Erano passati trent'anni dalla prima invasione e a Roma ancora viva quella generazione che li aveva vinti con Camillo, non si era spento il ricordo delle ingiurie patite e degli incalcolabili danni sofferti con gli incendi e la distruzione; per questo motivo si cercò di far fronte al grave pericolo ricorrendo alla dittatura.
Fu creato dittatore TITO QUINZIO PENNO e maestro della cavalleria SERVIO CORNELIO MALUGINENSE e raccolto un numerosissimo esercito, alla testa del quale il dittatore uscì da Roma diretto all'Aniene; e qui le truppe romane si accamparono.

Divideva i due opposti eserciti solo il fiume, le cui sponde erano unite da un ponte, dove ogni giorno per occuparlo avvenivano scontri d'avamposti.
Narrano gli storici, che un giorno avanzò sul ponte un Gallo di straordinaria statura
e, ad alta voce, sfidò in un duello il più valoroso dei soldati romani.
La gioventù romana rimase muta e in soggezione per la gigantesca statura del barbaro, ma un giovane patrizio di nome TITO MANLIO, quello stesso che con il pugnale aveva imposto al tribuno Marco Pomponio di ritirar l'accusa contro il padre Lucio, uscito dalle schiere, si presentò al dittatore e così gli parlò: "Senza tuo ordine io non oserei mai misurarmi anche se fossi sicurissimo della vittoria; ma, se tu me lo concedi, a quel bestione che così ferocemente si vanta io dimostrerò che discendo da quella famiglia, che buttò giù i Galli dalla rupe Tarpa". Il dittatore ammirato da tanto coraggio "Va, - gli rispose - o Tito, che tutti gli altri superi in valore, e sii sempre animato da questi sentimenti verso tuo padre e la patria, e mostra con l'aiuto degli dei che il nome romano è invincibile".

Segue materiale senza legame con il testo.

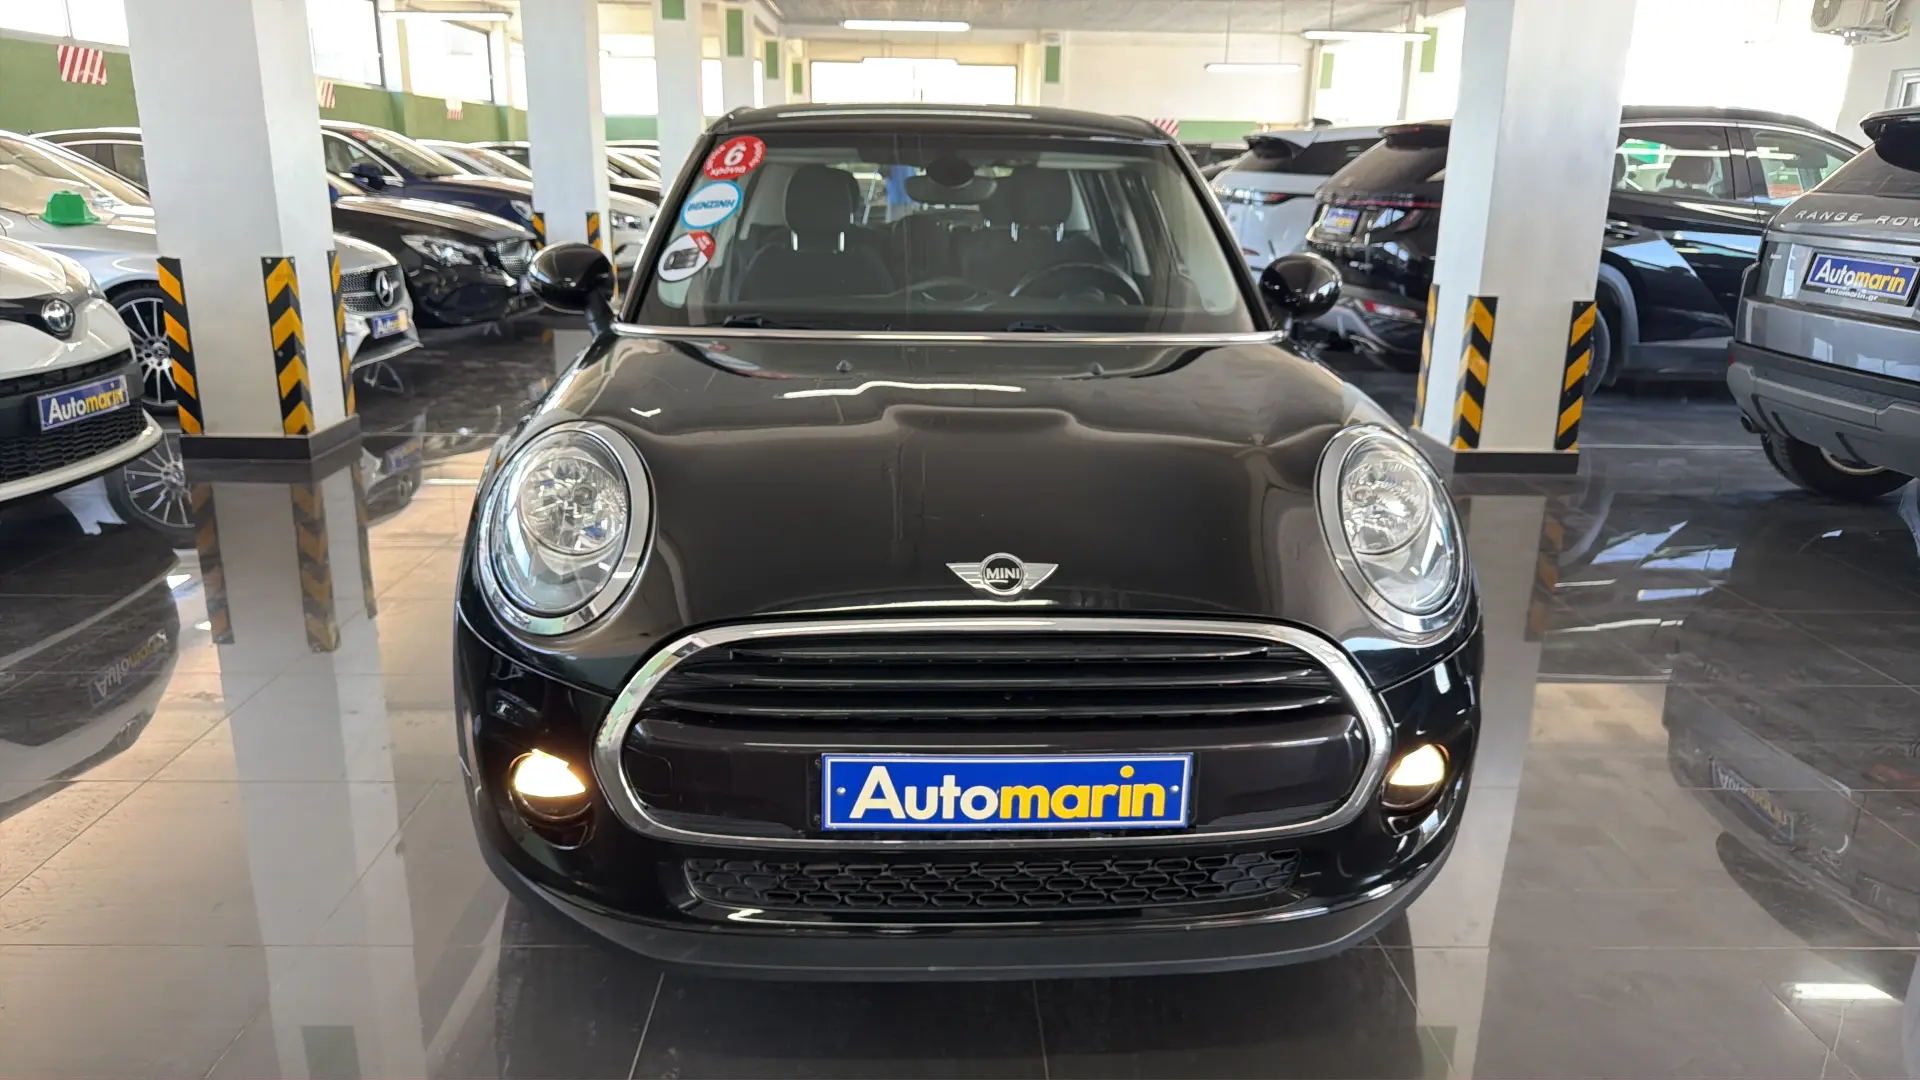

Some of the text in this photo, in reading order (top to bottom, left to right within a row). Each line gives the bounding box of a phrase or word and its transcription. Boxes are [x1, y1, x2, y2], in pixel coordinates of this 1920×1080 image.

[724, 143, 747, 167] 6
[1795, 210, 1863, 222] RANGE
[1814, 258, 1906, 294] Automarin
[48, 381, 124, 425] Automarin
[986, 567, 1020, 580] MINI
[849, 764, 1166, 820] Automarin

I compagni aiutarono ad armare TITO MANLIO, che imbracciò uno scudo da fante e cinse una pesante spada, ma molto corta; poi lo accompagnarono fin presso il Gallo, che accolse schernendo il giovane guerriero.
Un grande silenzio fu fatto nell'uno e nell'altro campo e tutti gli sguardi si fissarono ansiosi su i due guerrieri che stavano uno di fronte all'altro. Alto e robusto come un gigante, il Gallo con addosso vestiti di vari colori e belle armi lucenti; di media statura era invece Tito Manlio fornito di armi robuste anziché scintillanti; ovviamente dalle apparenze i presenti giudicavano che la sorte del duello era indubbiamente favorevole al barbaro.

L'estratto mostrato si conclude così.